<<<<

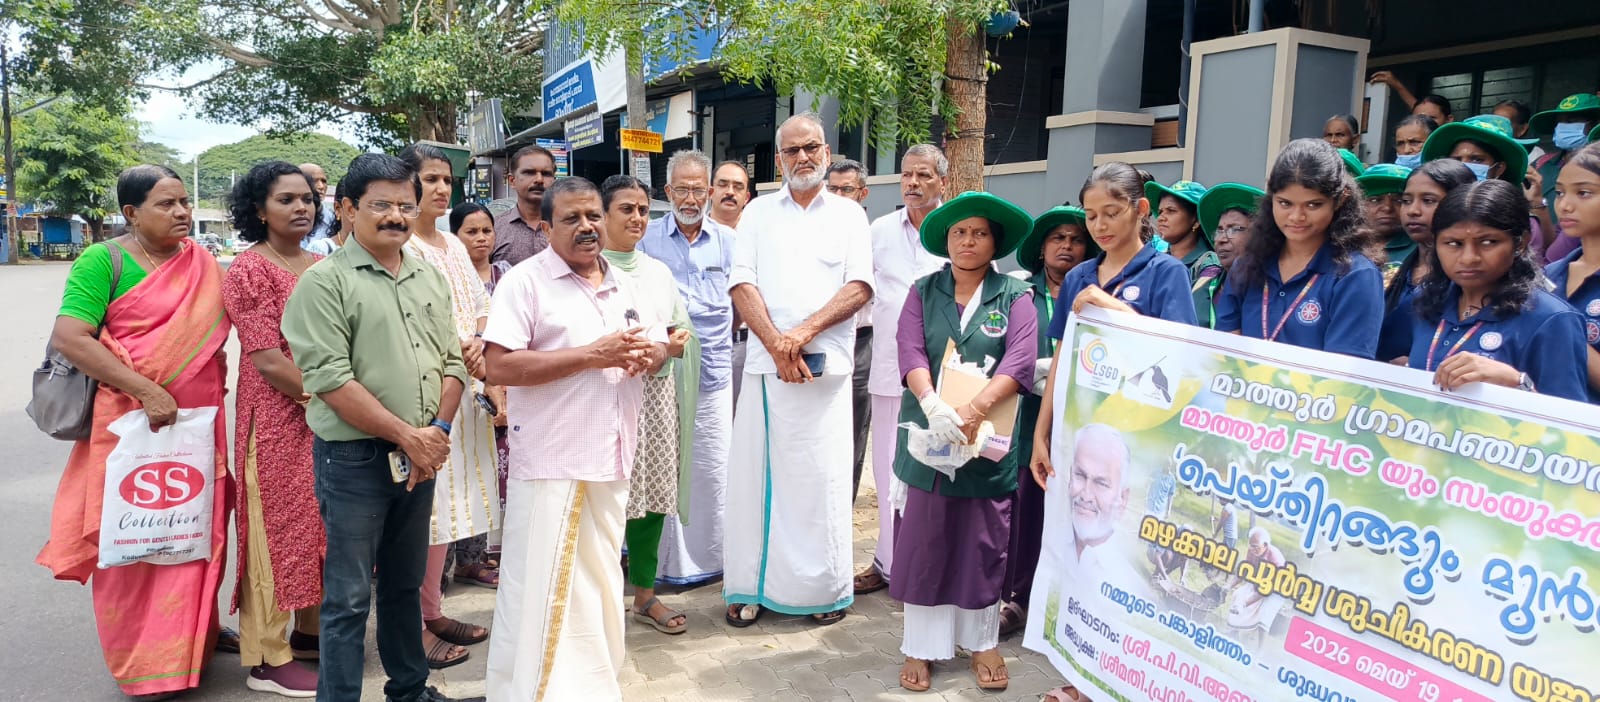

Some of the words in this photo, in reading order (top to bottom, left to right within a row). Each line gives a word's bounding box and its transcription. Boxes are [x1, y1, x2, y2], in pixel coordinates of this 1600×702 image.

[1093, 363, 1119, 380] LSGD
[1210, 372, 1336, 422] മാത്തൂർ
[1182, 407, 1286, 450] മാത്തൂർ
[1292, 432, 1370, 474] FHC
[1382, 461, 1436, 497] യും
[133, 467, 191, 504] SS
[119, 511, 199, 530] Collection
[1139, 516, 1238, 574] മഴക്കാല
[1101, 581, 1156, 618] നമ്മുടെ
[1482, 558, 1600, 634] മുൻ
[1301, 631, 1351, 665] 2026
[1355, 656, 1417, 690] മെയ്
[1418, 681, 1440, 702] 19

>>>>

Aim of the exercise
Pictures aside, print every line of the material exactly.

Exercise result
Some of the words in this photo, in reading order (top to bottom, left to right within a row). Each line gives a word's bounding box and its transcription. Boxes are [x1, y1, x2, y2], in pixel coordinates of this 1600×702 image.

[1093, 363, 1119, 380] LSGD
[1210, 372, 1336, 422] മാത്തൂർ
[1182, 407, 1286, 450] മാത്തൂർ
[1292, 432, 1370, 474] FHC
[1382, 461, 1436, 497] യും
[133, 467, 191, 504] SS
[119, 511, 199, 530] Collection
[1139, 516, 1238, 574] മഴക്കാല
[1101, 581, 1156, 618] നമ്മുടെ
[1482, 558, 1600, 634] മുൻ
[1301, 631, 1351, 665] 2026
[1355, 656, 1417, 690] മെയ്
[1418, 681, 1440, 702] 19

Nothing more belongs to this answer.